Historian Mary McCarthy-Brandt cares for her ancestors and Black Loyalists graves

by Ron Fanfair
January 31, 2022
Reading Time: 5min read
Historian Mary McCarthy-Brandt cares for her ancestors and Black Loyalists graves

Mary Louise McCarthy-Brandt. Photo contributed

Black graveyards were a major part of Mary Louise McCarthy-Brandt studies when she decided to do her PhD.

The thesis, ‘Segregated in Life and Death: A Black Woman’s Critical Exploration and Narrative Account of Early African Descended Communities and Graveyards in New Brunswick’, was successfully defended in December 2020.

“I have always felt our elders need to be respected both in life and death,” McCarthy-Brandt said. “In our cemeteries here, a lot of Blacks and other visible minorities were all kept at cemeteries’ borders. In some cases, Blacks were placed at the end of cemeteries in hills and the wards going down a mountain.  They were not given the same respect as the White graves.”

In the small rural community of Keswick Ridge, she tends to a graveyard that is the final resting place for many Black Loyalists and her ancestors.
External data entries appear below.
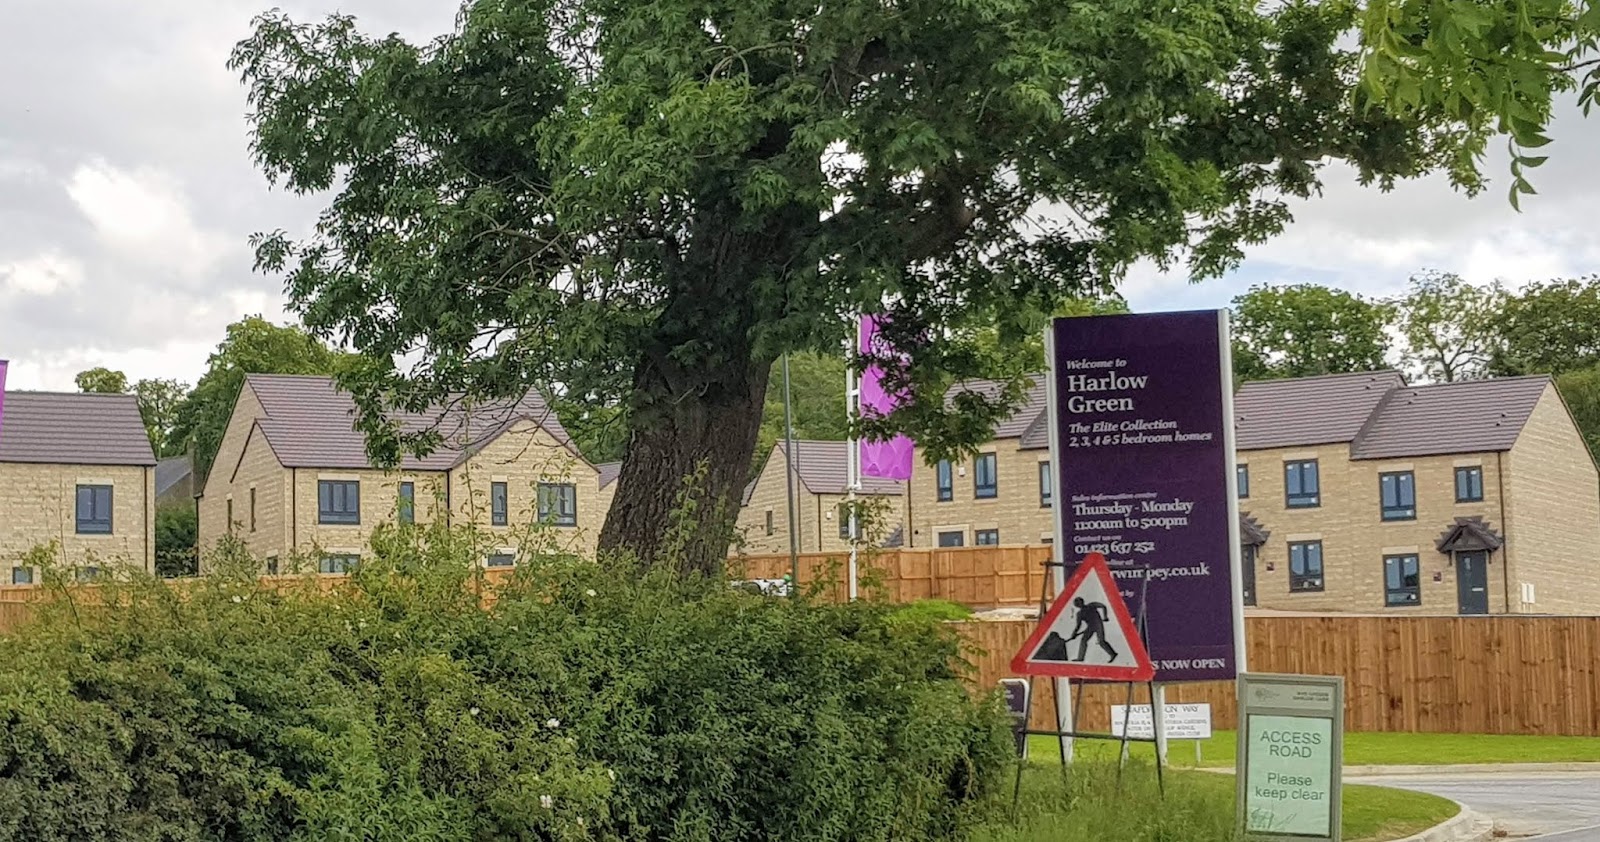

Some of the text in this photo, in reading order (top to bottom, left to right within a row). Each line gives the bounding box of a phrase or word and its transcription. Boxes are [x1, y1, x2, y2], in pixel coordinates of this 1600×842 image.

[1066, 358, 1127, 370] Welcome to
[1067, 371, 1148, 392] Harlow
[1067, 395, 1134, 413] Green
[1069, 419, 1178, 433] The Elite Collection
[1069, 431, 1213, 447] 2, 3, 4 & 5 bedroom homes
[1073, 501, 1133, 516] Thursday
[1141, 499, 1195, 514] Monday
[1125, 518, 1140, 529] to
[1075, 541, 1155, 555] 01423 637 252
[1161, 658, 1190, 670] NOW
[1192, 658, 1226, 669] OPEN
[1260, 731, 1322, 745] ACCESS
[1269, 745, 1312, 758] ROAD
[1268, 772, 1312, 786] Please
[1255, 786, 1325, 800] keep clear
She also advocated for a new memorial stone at the Kingsclear Kilburn Community Cemetery where the graves of nearly 70 Blacks were not relocated when the Mactaquac Dam was built in the 1960s.
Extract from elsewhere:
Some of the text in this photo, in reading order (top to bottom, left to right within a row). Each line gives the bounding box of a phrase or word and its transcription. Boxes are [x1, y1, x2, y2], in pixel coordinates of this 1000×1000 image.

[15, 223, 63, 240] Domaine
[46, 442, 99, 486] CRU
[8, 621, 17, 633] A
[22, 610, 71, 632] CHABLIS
“When the water level raised after the dam became operable, those graves were sunk almost 200 feet under water,” the New Brunswick Black History Society first female Black president said. “What we want is a public apology for my ancestors and I have started e-mailing politicians looking for that.”
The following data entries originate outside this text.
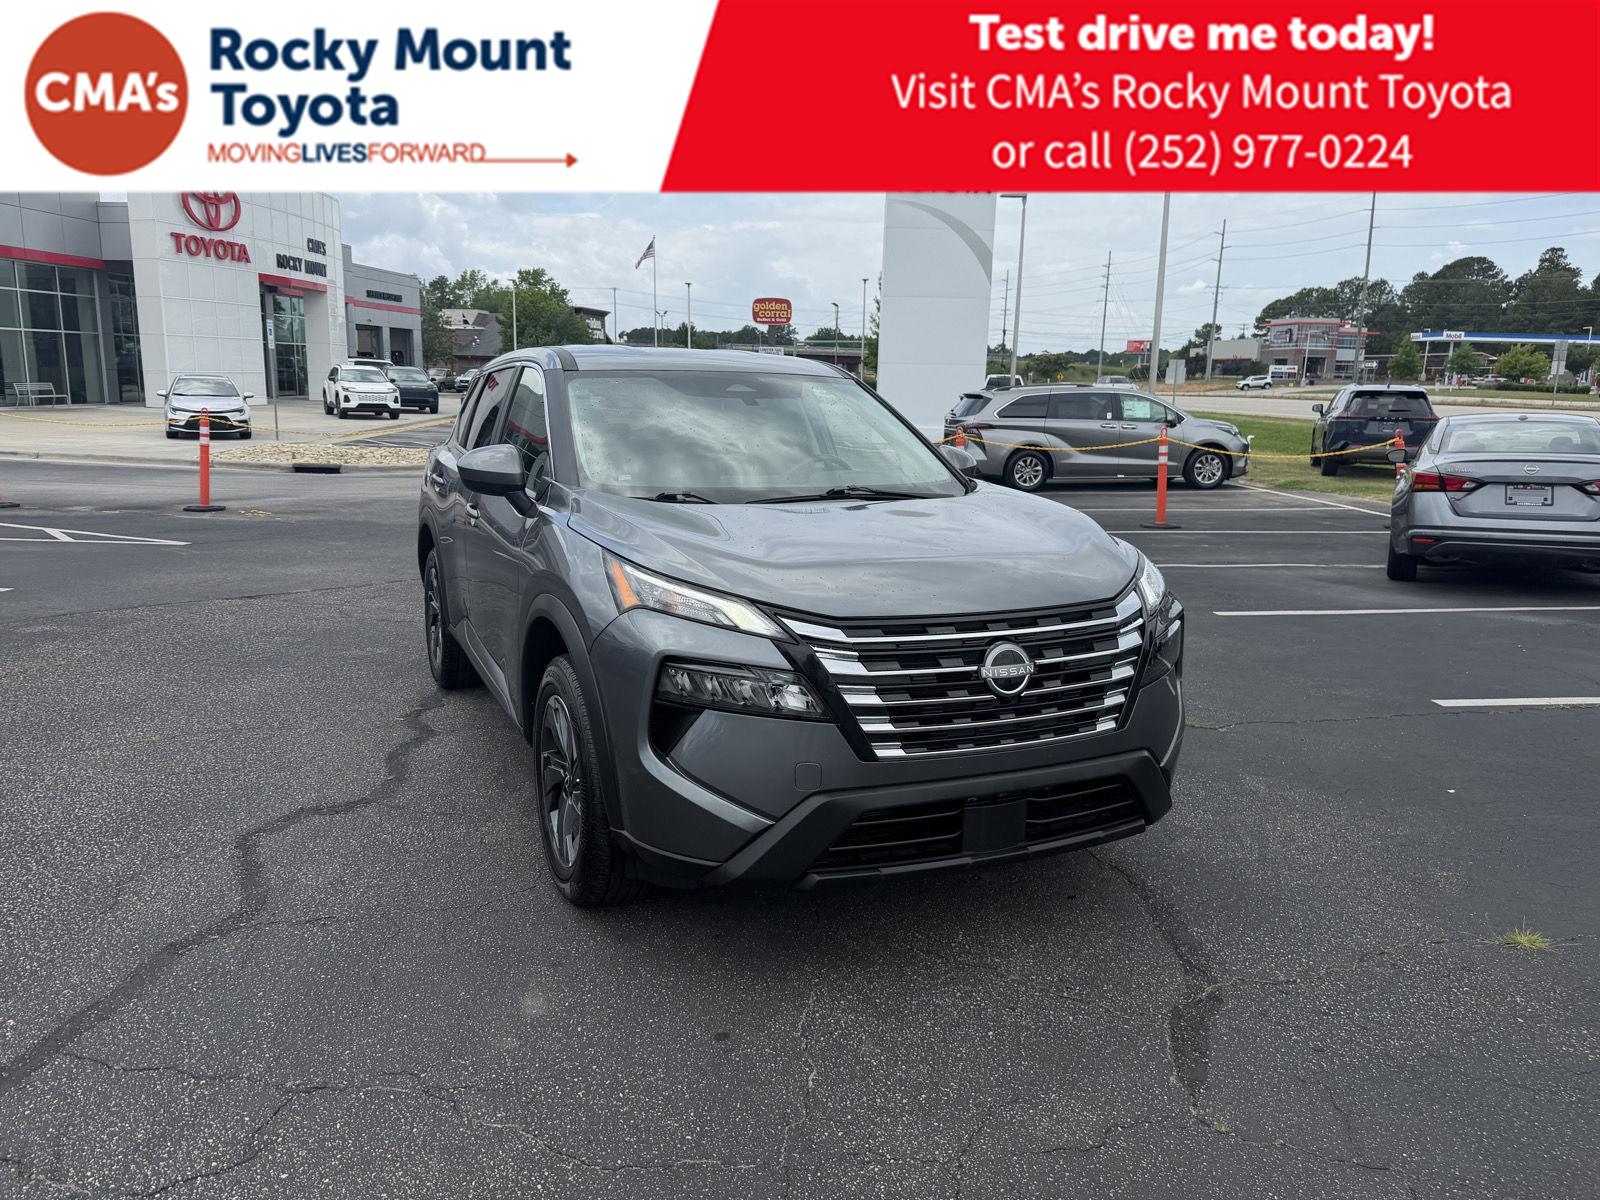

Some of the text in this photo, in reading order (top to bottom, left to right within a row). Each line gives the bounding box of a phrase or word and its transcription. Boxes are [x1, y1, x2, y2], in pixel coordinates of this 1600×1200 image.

[170, 232, 251, 264] TOYOTA
[276, 253, 303, 272] ROCKY
[753, 301, 788, 312] golden
[758, 309, 791, 318] corral
[982, 664, 1034, 677] NISSAN
McCarthy-Brandt chairs a new organization, REACH NB (Remembering Each African Cemeteries History in New Brunswick), which is collaborating with the provincial archives to locate and document forgotten and abandoned gravesites and tell their stories and histories.

Mary Louise McCarthy-Brandt tends an ancestor grave at St. Peter’s cemetery in Fredericton. Photo contributed.

The group, she said, has applied for grants to buy software that will allow for the mapping of New Brunswick, locating forgotten historical Black towns, churches, schools and cemeteries.

REACH NB is also contributing to a project developing Black Canadian History for schools in the country.

Last year, the Canadian government made a significant investment in African Canadian History Education.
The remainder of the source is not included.